Do curso de Turismo e
Hotelaria, o qual Fernando fez cinco períodos, foi para o de Design Gráfico,
mais relacionado com suas habilidades. Formou-se em dezembro de 2008. Emudecido
pela rejeição social, isolado pela exigência de comportamentos padrão, Fernando
Yanmar Narciso mantinha seu modo peculiar de ver o mundo, mas nem nós, os seus
pais, sabíamos o que ele desejava. Era algo como ser artista, embora já
trabalhe há 8 anos com o pai em projetos de prevenção de incêndio.
Uma noite, depois de
passar a madrugada no Youtube vendo comerciais de “comidas porcarias” de quando
ele era criança, vieram-lhe ideias mirabolantes e resolveu escreveu sobre
aquilo. Foi quando a sua primeira crônica aconteceu, e nós, seus pais, achamos
o texto bom e engraçado, e o incentivamos para que usasse esse caminho para se
comunicar.

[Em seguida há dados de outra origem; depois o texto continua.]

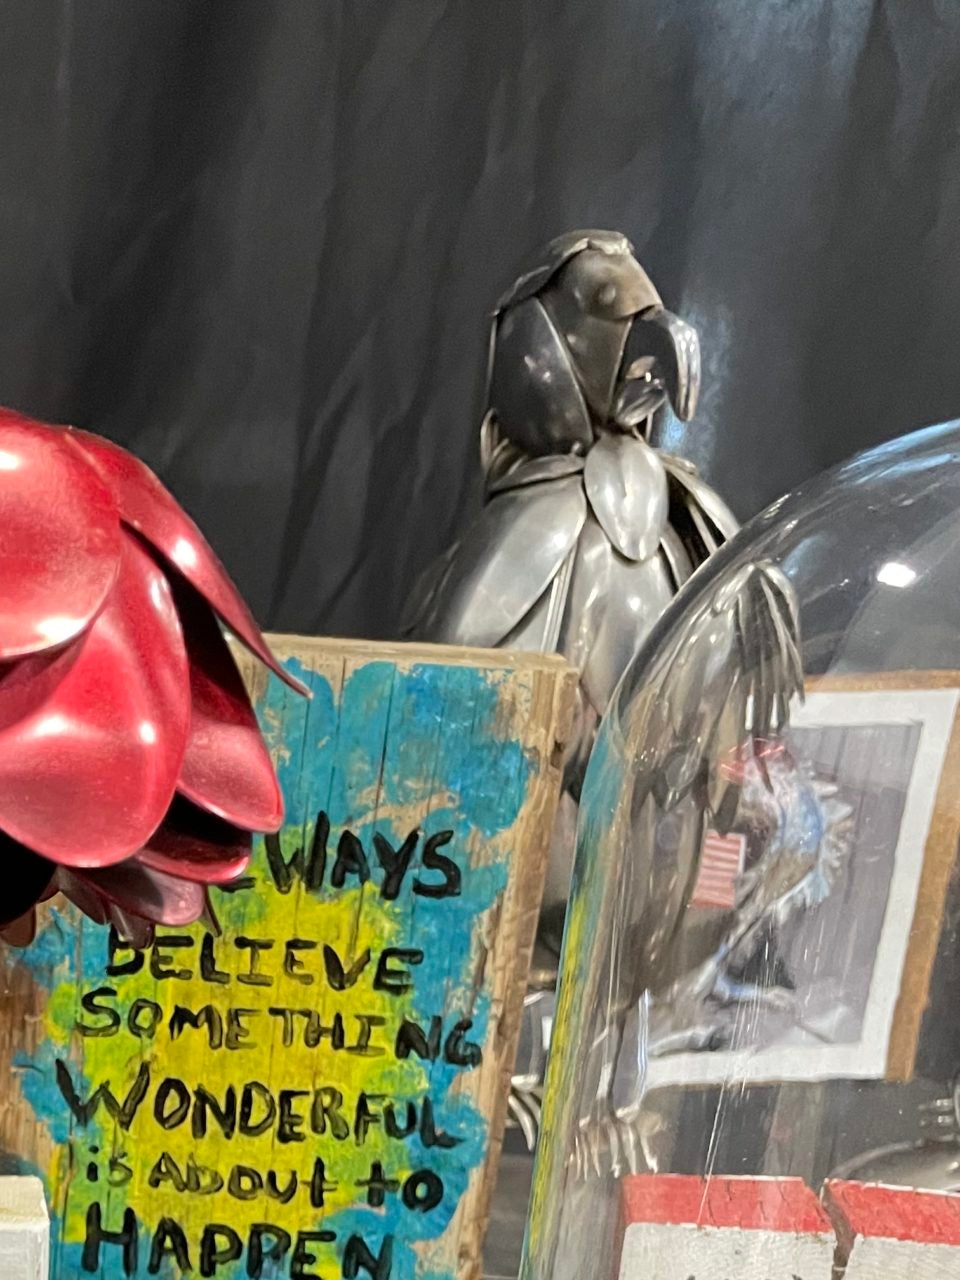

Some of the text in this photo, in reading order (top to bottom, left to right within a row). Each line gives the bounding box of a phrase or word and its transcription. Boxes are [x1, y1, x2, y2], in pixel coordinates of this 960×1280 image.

Assim, desenvolveu a escrita, mostrando um lado culto e bom
vocabulário.
Montou um blog, com
link direcionando a partir do Jornal Oportunidades, com textos e ilustrações,
dando vazão ao seu lado artístico, com belas imagens. Escreveu “Terra de
Excluídos”, uma espécie de romance, com personagens jovens e com diálogos
modernos. Fernando Yanmar Narciso se tornou escritor, porque pessoas próximas
gostaram e pediram para que escrevesse.
O raciocínio ferino e
as suas tiradas hilárias levam ao riso, e até a gargalhada. O que ele escreve tem graça, e nesse mundo
sisudo, isso é um dom. Conquistou espaços na mídia digital e impressa tendo
colunas cativas em alguns endereços eletrônicos. Para fazer seu primeiro livro
impresso “Um dia como outro qualquer” escolheu o que havia de melhor. O livro
pronto é a concretude do ser escritor. Com essa façanha, consideramos que foi
derrubada a dificuldade em se comunicar.
*Médica endocrinologista, jornalista
profissional, membro da Academia Feminina de Letras e do Instituto Histórico e
Geográfico, ambos de Montes Claros e autora do livro “Segurando a
Hiperatividade”
Parabéns ao Fernando, por sua saga cheia de desafios e vitórias. E a você também, Mara, pela sensível homenagem ao filho. Abraços a ambos.
ResponderExcluirSim, Marcelo, é a história de Fernando. Muitos desafios e muita coragem. Enfim, começamos uma nova etapa. Muito obrigada pelo carinho.